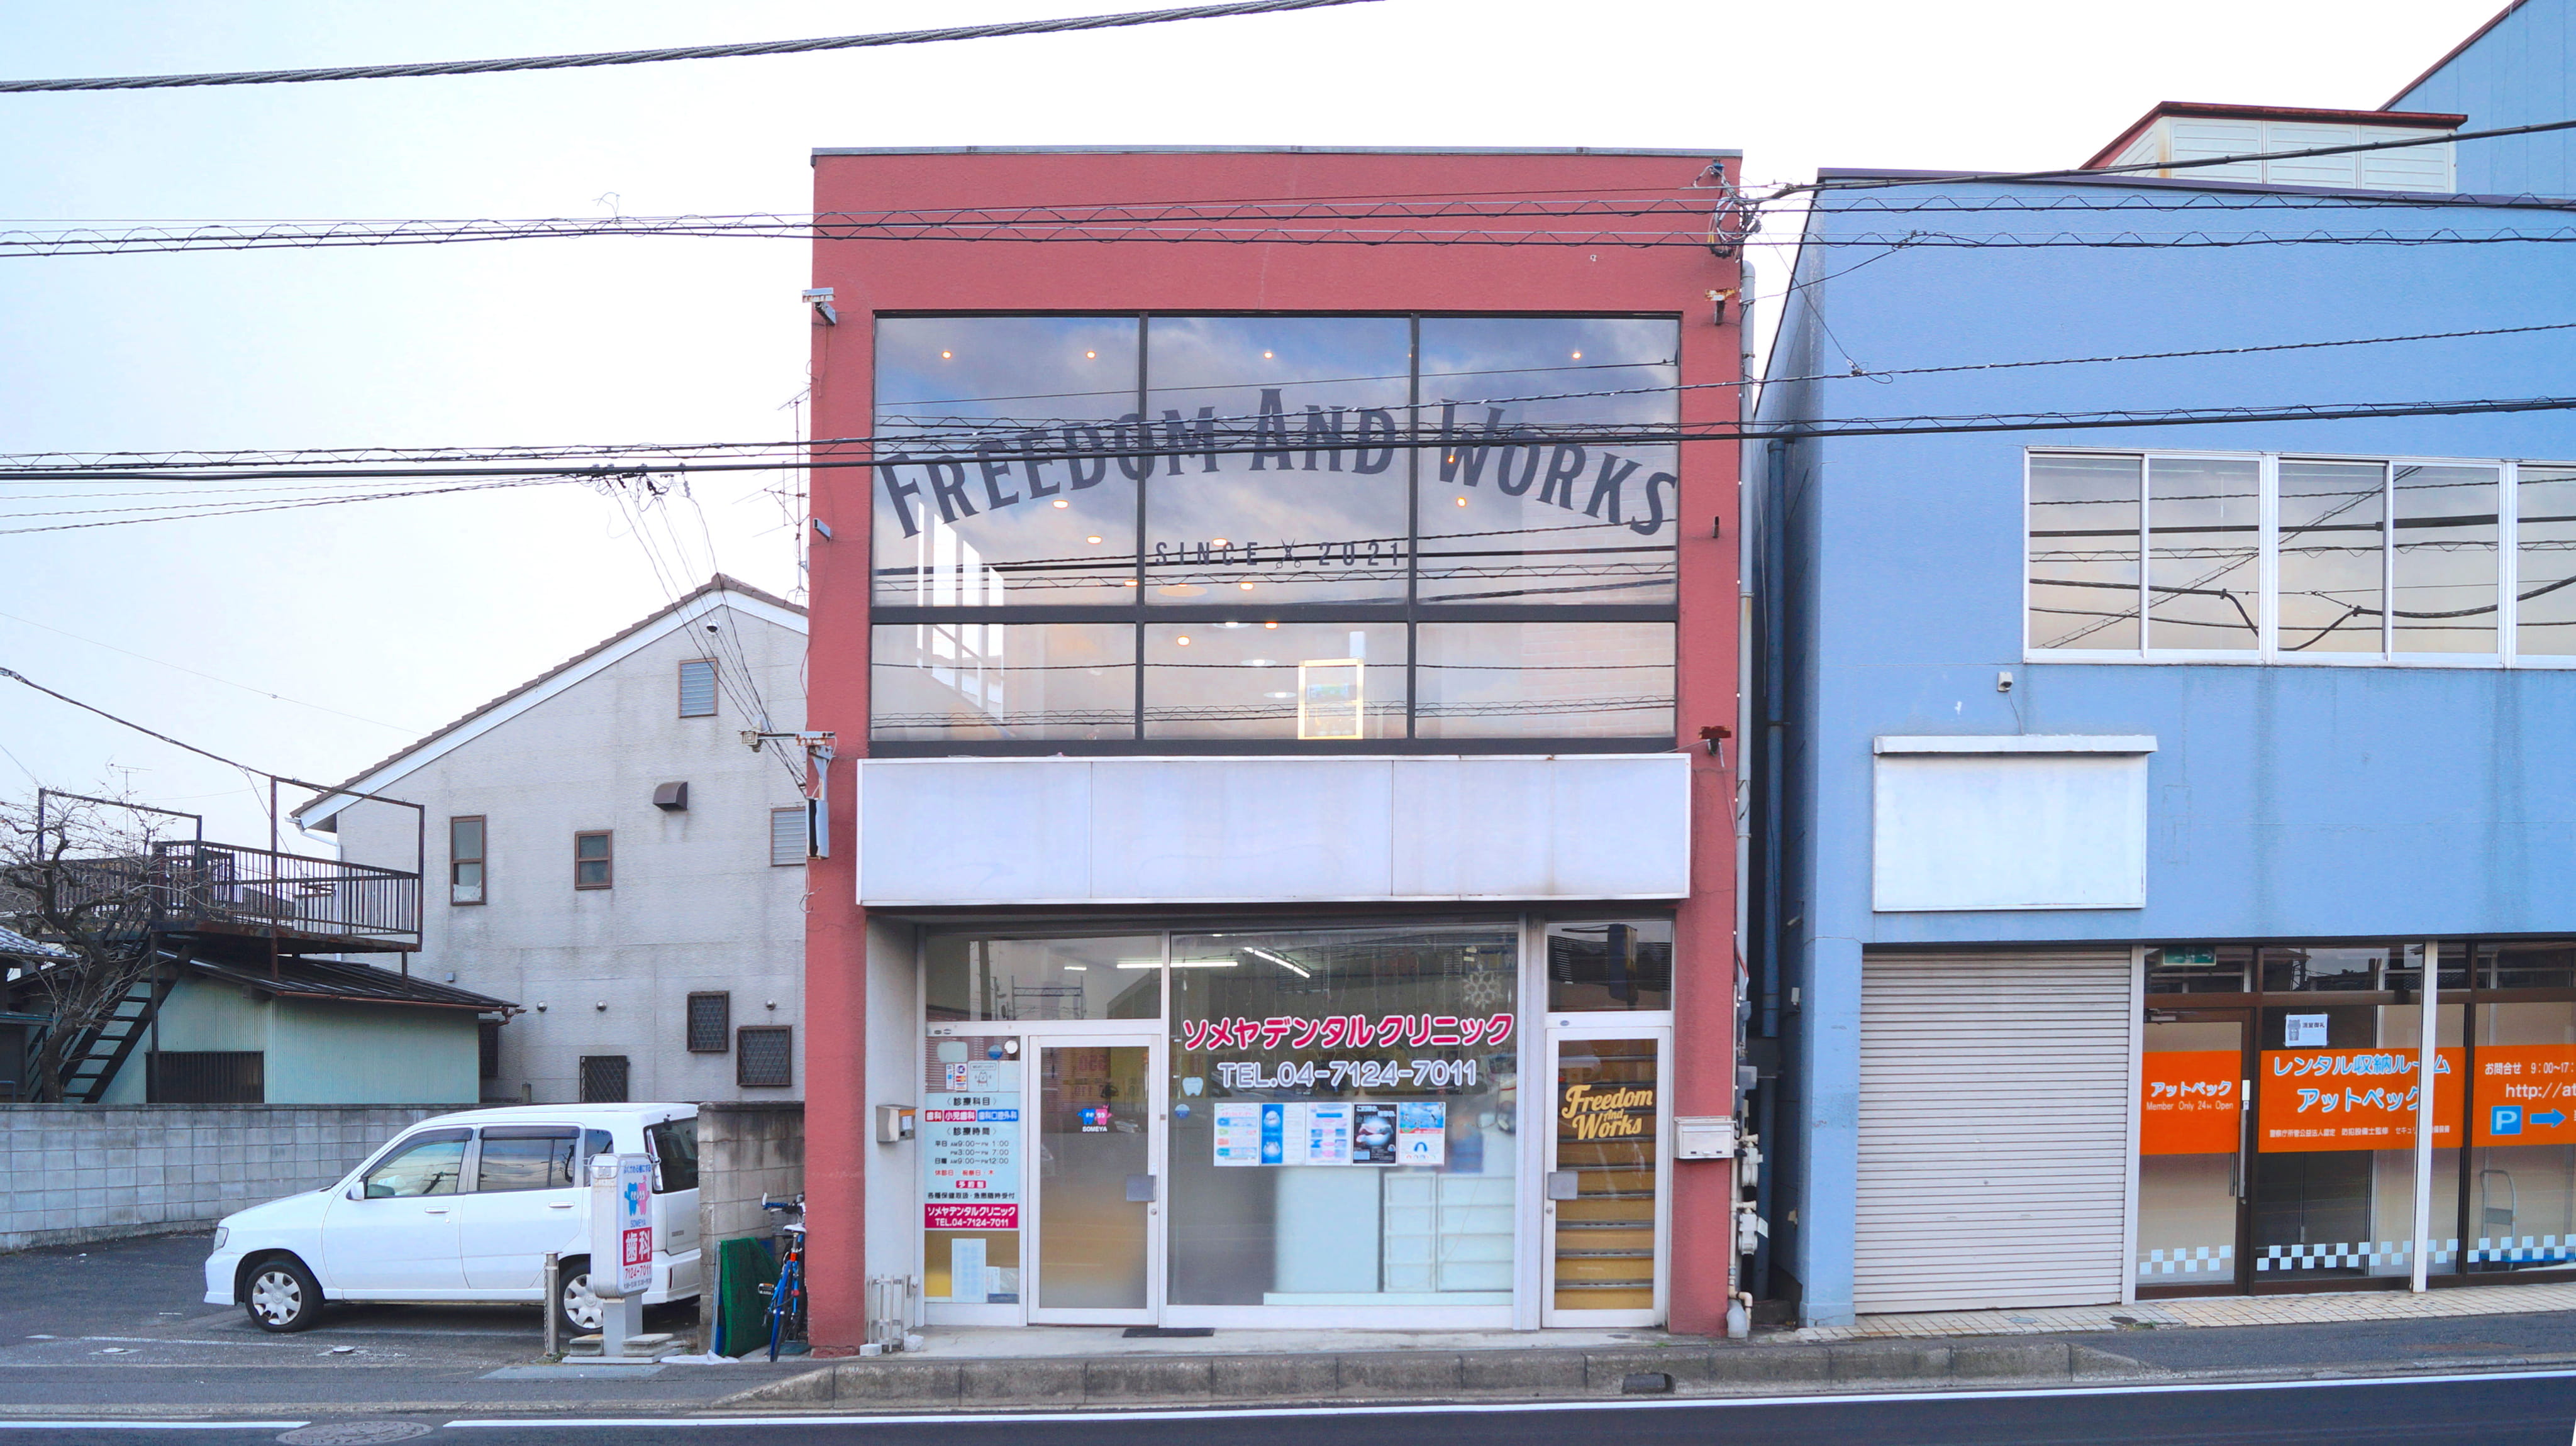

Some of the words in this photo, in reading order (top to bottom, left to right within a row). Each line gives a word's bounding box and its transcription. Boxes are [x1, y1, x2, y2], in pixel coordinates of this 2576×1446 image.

[1439, 399, 1677, 536] WORKS
[1156, 541, 1258, 565] SINCE
[1318, 541, 1399, 566] 2021
[1183, 1013, 1514, 1051] ソメヤデンタルクリニック
[1217, 1059, 1477, 1089] TEL.04-7124-7011
[2485, 1062, 2522, 1075] お問合せ
[2151, 1081, 2232, 1097] アットペック
[1561, 1084, 1653, 1118] Freedom
[2146, 1101, 2174, 1110] Member
[2179, 1101, 2194, 1112] Only
[2215, 1100, 2233, 1111] Open
[945, 1111, 975, 1120] 小児歯科
[2496, 1110, 2518, 1130] P
[1572, 1113, 1642, 1140] Works
[928, 1206, 1016, 1217] ソメヤデンタルクリニック
[935, 1218, 1008, 1227] TEL.04-7124-7011
[625, 1230, 650, 1262] 歯科
[625, 1264, 652, 1279] 7124-7011

§ **WHAT THE EXERCISE ASKS**
Print each entry precisely as written; the pictures stay out.

§ **TASK SOLUTION**
Some of the words in this photo, in reading order (top to bottom, left to right within a row). Each line gives a word's bounding box and its transcription. Boxes are [x1, y1, x2, y2], in pixel coordinates of this 2576×1446 image.

[1439, 399, 1677, 536] WORKS
[1156, 541, 1258, 565] SINCE
[1318, 541, 1399, 566] 2021
[1183, 1013, 1514, 1051] ソメヤデンタルクリニック
[1217, 1059, 1477, 1089] TEL.04-7124-7011
[2485, 1062, 2522, 1075] お問合せ
[2151, 1081, 2232, 1097] アットペック
[1561, 1084, 1653, 1118] Freedom
[2146, 1101, 2174, 1110] Member
[2179, 1101, 2194, 1112] Only
[2215, 1100, 2233, 1111] Open
[945, 1111, 975, 1120] 小児歯科
[2496, 1110, 2518, 1130] P
[1572, 1113, 1642, 1140] Works
[928, 1206, 1016, 1217] ソメヤデンタルクリニック
[935, 1218, 1008, 1227] TEL.04-7124-7011
[625, 1230, 650, 1262] 歯科
[625, 1264, 652, 1279] 7124-7011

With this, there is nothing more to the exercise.